En el año 2004 The New Yorker publica un artículo de Seymour M. Hersh sobre las torturas en la cárcel de Abu Ghraib en Irak. Poco después vendrían las fotografías: imágenes de soldados —tomadas por ellos mismos— que sonríen posando al lado de prisioneros sometidos a las más aberrantes humillaciones: iraquíes desnudos arrumados en tumultos, atacados por perros o amarrados en poses sadomasoquistas. Fotografías chocantes tanto por el estilo del fotógrafo y sus vistas de turista, por la actitud de quienes posan triunfantes al lado de sus víctimas y, obviamente, por el sufrimiento de los humillados y torturados. Los propios soldados, al hacer y enviar a sus amigos esas fotografías "terriblemente entretenidas", terminaron por presentar las evidencias que los incriminarían: en medio de la representación veraz y de la rápida circulación de las imágenes digitales, la foto estaba ahí para testificar, develar e inculpar.
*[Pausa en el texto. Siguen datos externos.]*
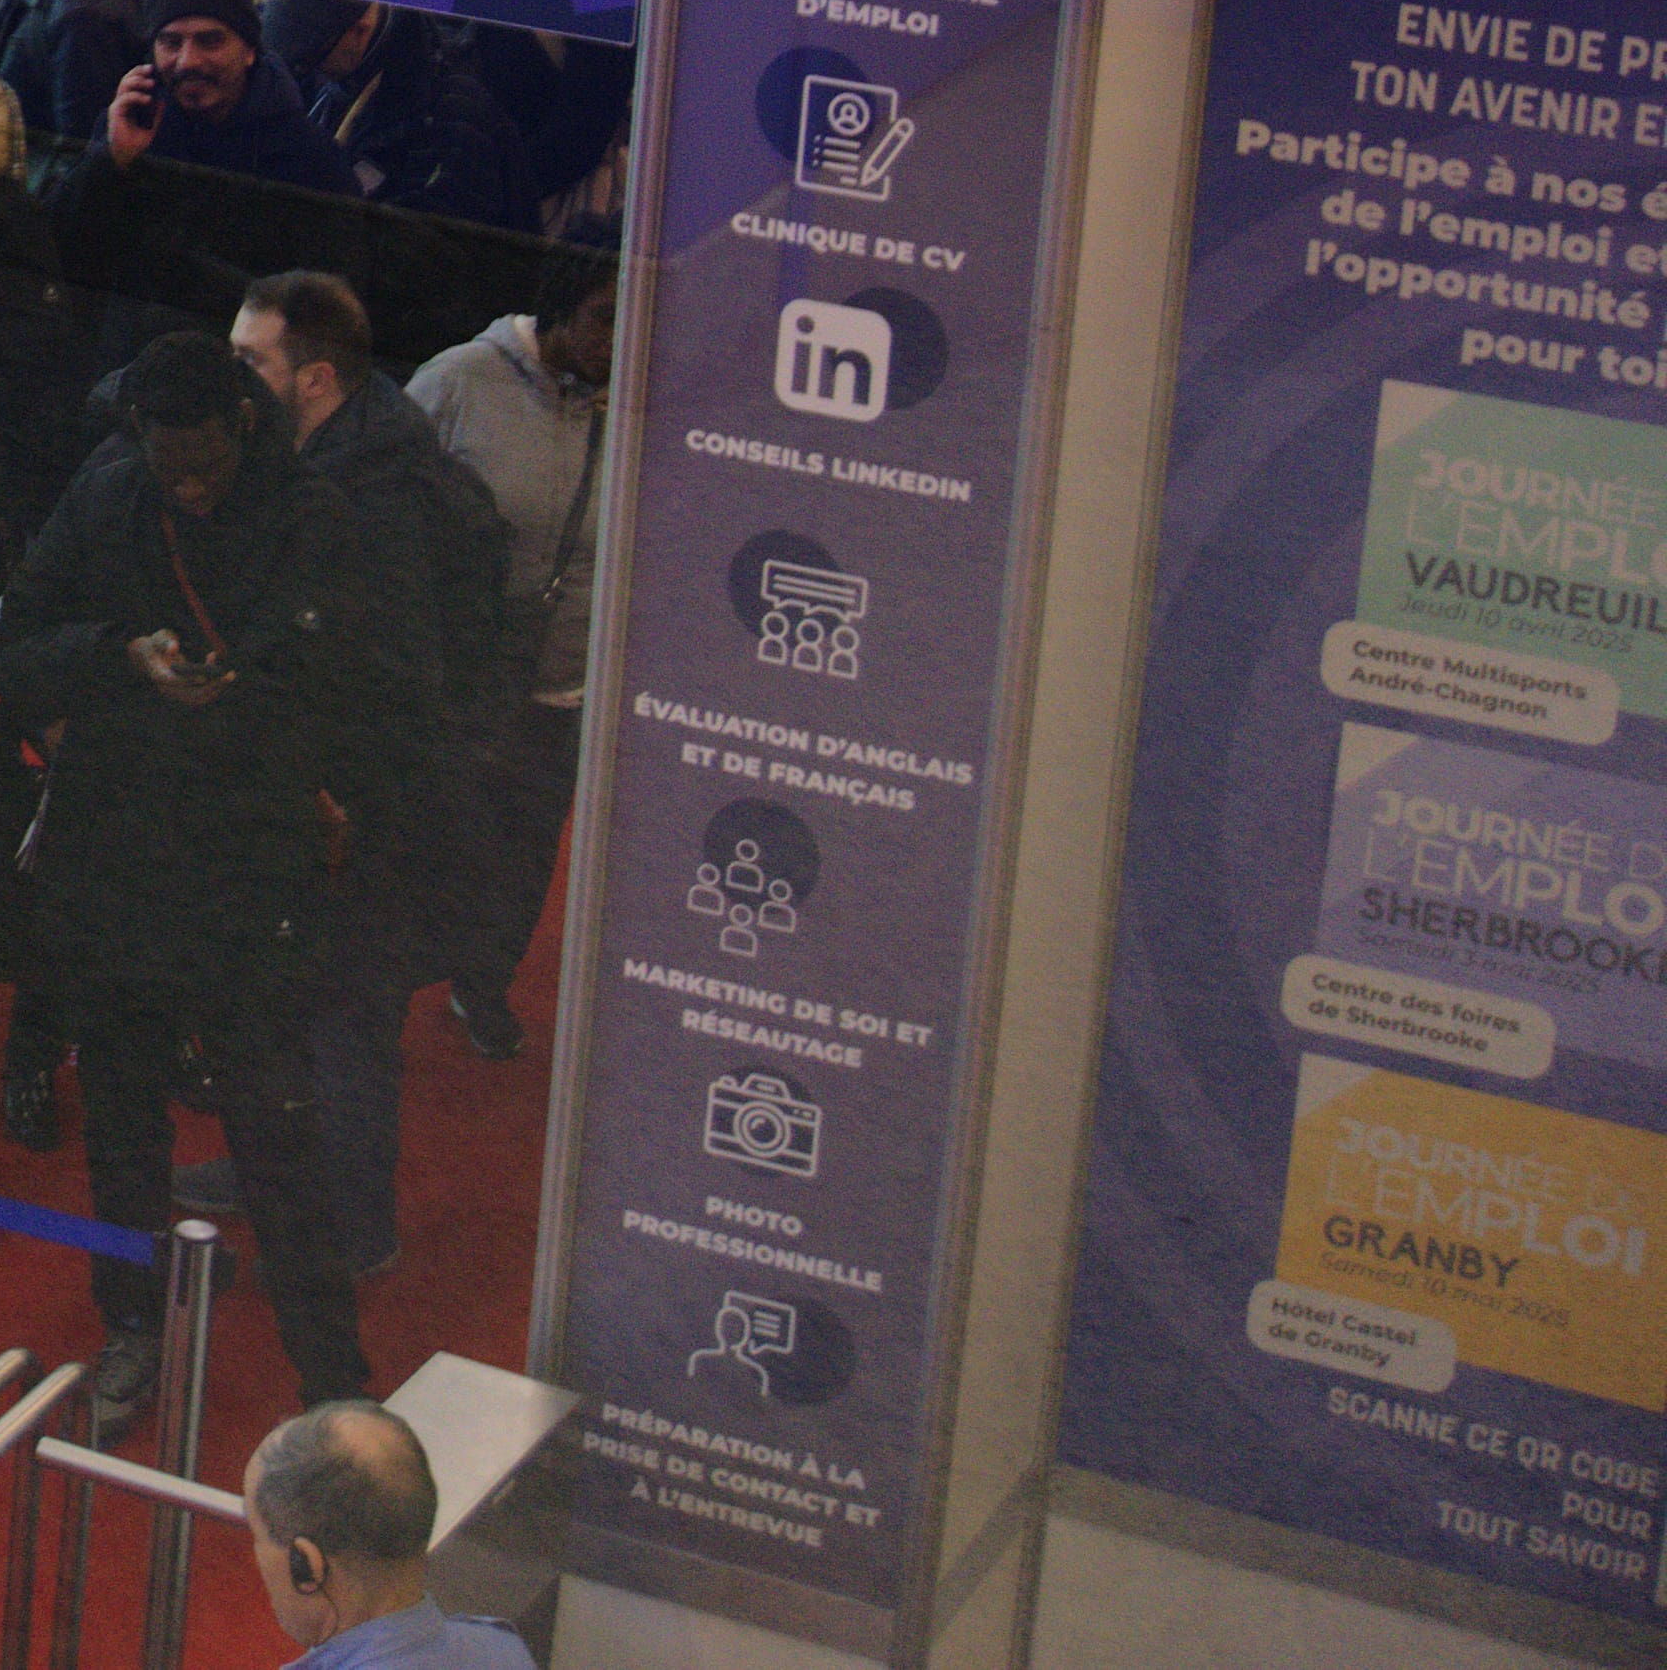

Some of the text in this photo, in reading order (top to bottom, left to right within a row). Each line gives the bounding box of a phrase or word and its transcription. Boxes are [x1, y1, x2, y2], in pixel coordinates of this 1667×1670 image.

En octubre de 2006, Fernando Botero inaugura por primera vez en los Estados Unidos su exposición inspirada en el artículo y en las fotografías mencionadas. Según sus palabras, el dolor y la ira lo obligaron a dejar un testimonio de las brutalidades cometidas por el ejército norteamericano. Al igual que sucedió con el Guernica de Picasso, sus obras —anotaba— contribuirían a no olvidar lo sucedido.
La muestra fue aplaudida pero también criticada. Los que la exaltaron hablaron de la importancia de mostrar lo ocurrido desde la perspectiva de las víctimas, lo cual enfrentaba al espectador a su propia crueldad, pasividad e indiferencia. El filósofo Arthur Danto escribió que al contrario de las fotografías —que según él mostraban lo despiadado de los perpetradores pero que se quedaban cortas en acercarnos a las agonías de los torturados— las pinturas de Botero eran obras perturbadoras que "establecían una sensación visceral de identificación con ellas".
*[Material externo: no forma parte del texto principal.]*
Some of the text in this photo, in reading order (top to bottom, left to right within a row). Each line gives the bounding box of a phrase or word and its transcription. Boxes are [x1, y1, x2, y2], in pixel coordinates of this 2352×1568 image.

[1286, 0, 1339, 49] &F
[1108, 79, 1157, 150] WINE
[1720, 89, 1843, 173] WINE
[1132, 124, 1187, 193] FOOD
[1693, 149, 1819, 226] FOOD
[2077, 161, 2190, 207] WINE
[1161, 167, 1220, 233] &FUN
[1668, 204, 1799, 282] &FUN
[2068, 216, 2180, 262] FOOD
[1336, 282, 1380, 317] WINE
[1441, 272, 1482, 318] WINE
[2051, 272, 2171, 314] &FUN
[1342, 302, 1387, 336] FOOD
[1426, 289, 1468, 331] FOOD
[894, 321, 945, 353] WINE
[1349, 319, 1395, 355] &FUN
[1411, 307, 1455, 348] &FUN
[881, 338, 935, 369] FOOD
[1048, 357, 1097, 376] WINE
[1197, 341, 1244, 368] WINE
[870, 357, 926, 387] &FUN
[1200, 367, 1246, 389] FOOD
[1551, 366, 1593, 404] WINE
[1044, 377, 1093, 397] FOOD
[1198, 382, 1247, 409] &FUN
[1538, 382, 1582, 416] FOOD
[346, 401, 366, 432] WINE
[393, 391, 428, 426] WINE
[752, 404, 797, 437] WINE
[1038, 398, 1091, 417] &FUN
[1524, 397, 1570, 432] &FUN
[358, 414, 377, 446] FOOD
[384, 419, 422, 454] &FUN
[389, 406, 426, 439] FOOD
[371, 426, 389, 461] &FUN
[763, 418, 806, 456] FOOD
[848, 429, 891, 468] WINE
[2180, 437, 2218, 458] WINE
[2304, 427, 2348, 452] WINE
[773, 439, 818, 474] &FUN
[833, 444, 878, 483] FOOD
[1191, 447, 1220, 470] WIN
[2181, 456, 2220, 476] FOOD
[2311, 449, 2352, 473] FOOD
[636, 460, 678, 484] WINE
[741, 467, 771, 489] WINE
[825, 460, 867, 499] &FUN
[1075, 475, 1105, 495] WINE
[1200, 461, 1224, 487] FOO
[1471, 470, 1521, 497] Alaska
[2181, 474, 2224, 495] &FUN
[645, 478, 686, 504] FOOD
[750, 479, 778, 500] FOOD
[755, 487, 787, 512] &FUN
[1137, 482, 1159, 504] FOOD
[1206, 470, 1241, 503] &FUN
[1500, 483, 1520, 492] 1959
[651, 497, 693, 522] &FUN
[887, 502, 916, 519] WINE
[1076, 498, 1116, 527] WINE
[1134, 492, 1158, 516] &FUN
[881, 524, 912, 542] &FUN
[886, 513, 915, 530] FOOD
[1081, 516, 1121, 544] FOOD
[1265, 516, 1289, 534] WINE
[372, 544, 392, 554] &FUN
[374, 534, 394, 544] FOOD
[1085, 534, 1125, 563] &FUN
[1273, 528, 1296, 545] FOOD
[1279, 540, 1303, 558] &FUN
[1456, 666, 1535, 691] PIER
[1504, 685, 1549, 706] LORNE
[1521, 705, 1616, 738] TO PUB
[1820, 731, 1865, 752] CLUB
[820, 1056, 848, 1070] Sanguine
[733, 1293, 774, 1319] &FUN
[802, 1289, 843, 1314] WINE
Por el contrario, quienes la criticaron argumentaban que no bastaba con convertir a las víctimas en personajes rollizos e ingenuos para realizar una obra impactante que no caricaturizara la violencia. Las fotos de Abu Ghraib eran lo suficientemente brutales para necesitar una amplificación artística. "Es la propia similitud de las fotografías —escribió el bloggero Mark Scroggins criticando el artículo de Danto— la que obtiene inmediata compasión; el hecho de que esos hombres degradados y desnudos tienen en ellas cuerpos y caras individuales. Y ahí se encuentra el porqué las pinturas de Botero fallan en movilizar al espectador. Ciertamente es extraño y de alguna manera perturbador ver las figuras de Botero inmersas en las torturas de Abu Ghraib —una torpeza similar a ver un Pitufo crucificado o a Mickey Mouse chutándose y teniendo sexo—. Ellos no son cuerpo humanos siendo torturados: ellos son boteros puestos en poses no familiares. El gran éxito de Botero al hacer sus amigables gordinflones dentro de un mundo de emblema-marca reconocible, lo ha privado de la habilidad de hacer algo más que continuar para vender su marca".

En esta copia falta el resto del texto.